Material provided
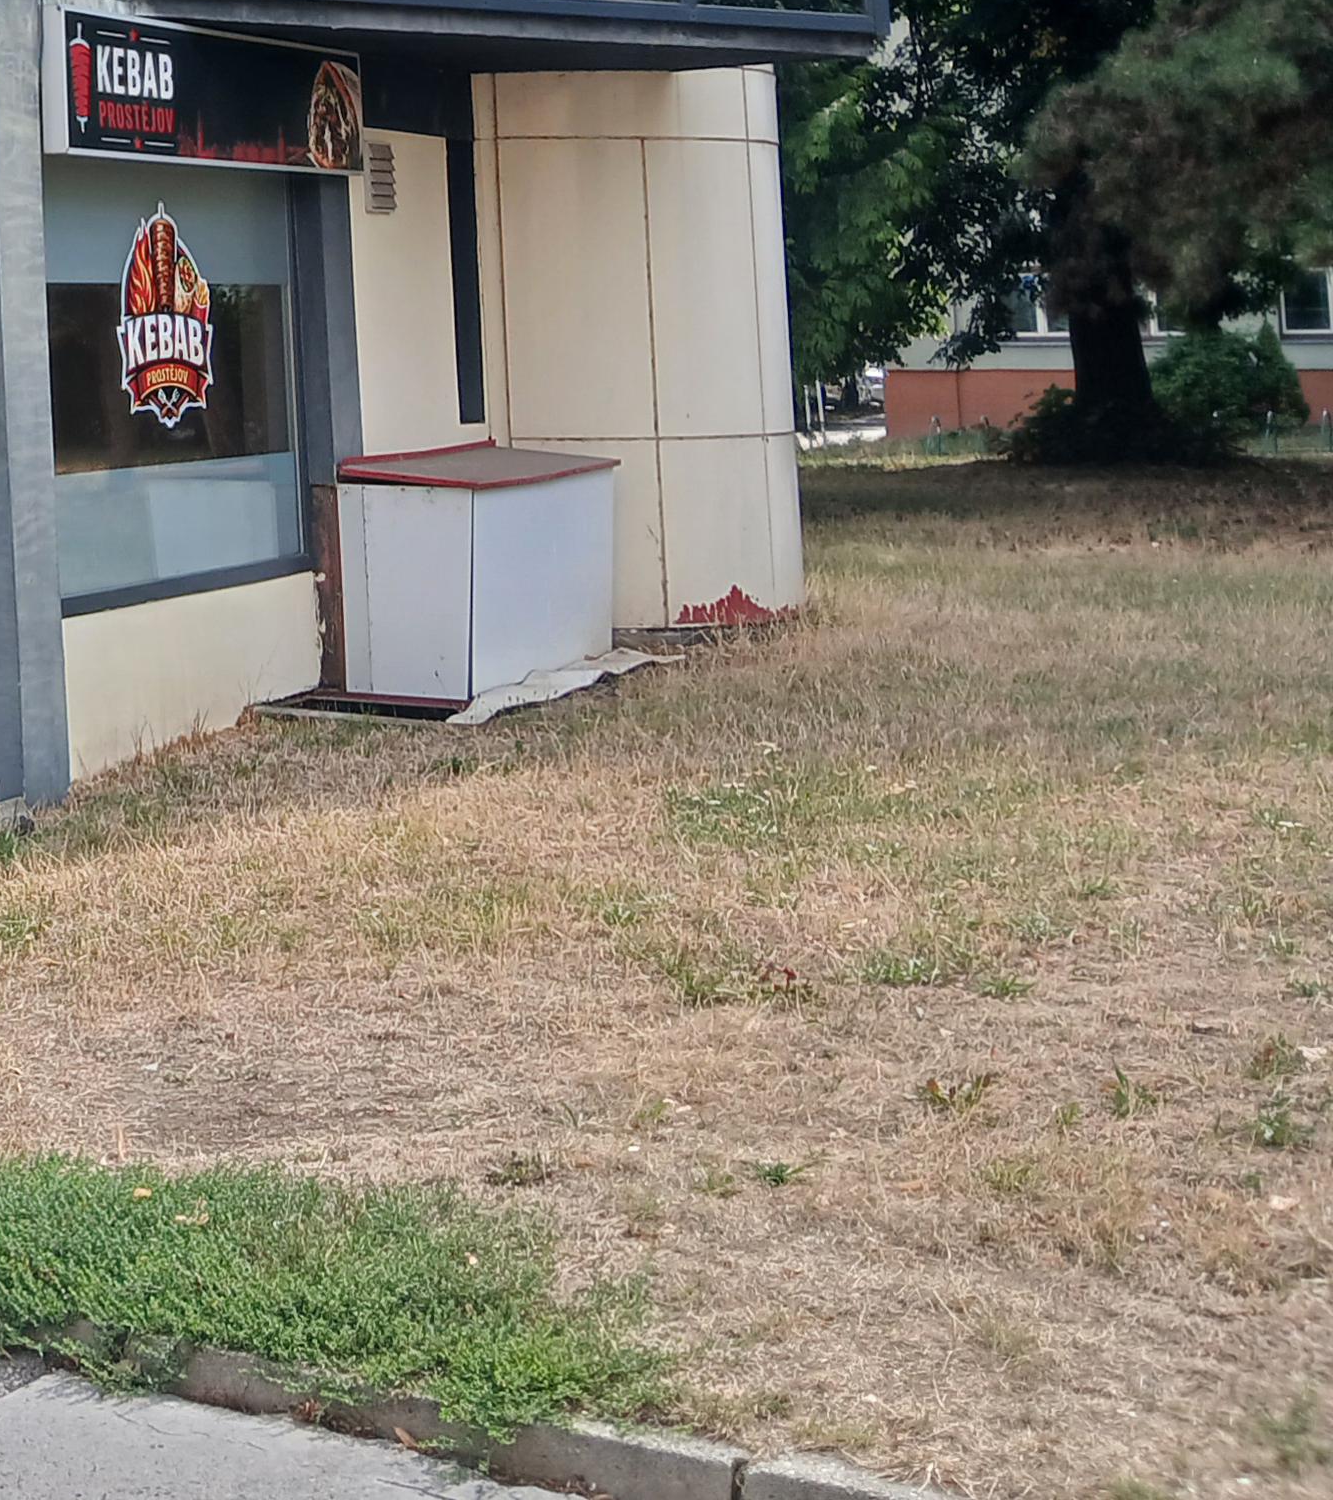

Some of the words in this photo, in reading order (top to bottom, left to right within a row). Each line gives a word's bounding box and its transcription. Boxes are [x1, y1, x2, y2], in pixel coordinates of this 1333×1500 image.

[96, 44, 174, 100] KEBAB
[98, 100, 175, 133] PROSTĚJOV
[126, 314, 204, 370] KEBAB
[146, 364, 189, 386] PROSTĚJOV

Exercise aim
Please retype the records above exactly, leaving every image out.

Response below
Some of the words in this photo, in reading order (top to bottom, left to right within a row). Each line gives a word's bounding box and its transcription. Boxes are [x1, y1, x2, y2], in pixel coordinates of this 1333×1500 image.

[96, 44, 174, 100] KEBAB
[98, 100, 175, 133] PROSTĚJOV
[126, 314, 204, 370] KEBAB
[146, 364, 189, 386] PROSTĚJOV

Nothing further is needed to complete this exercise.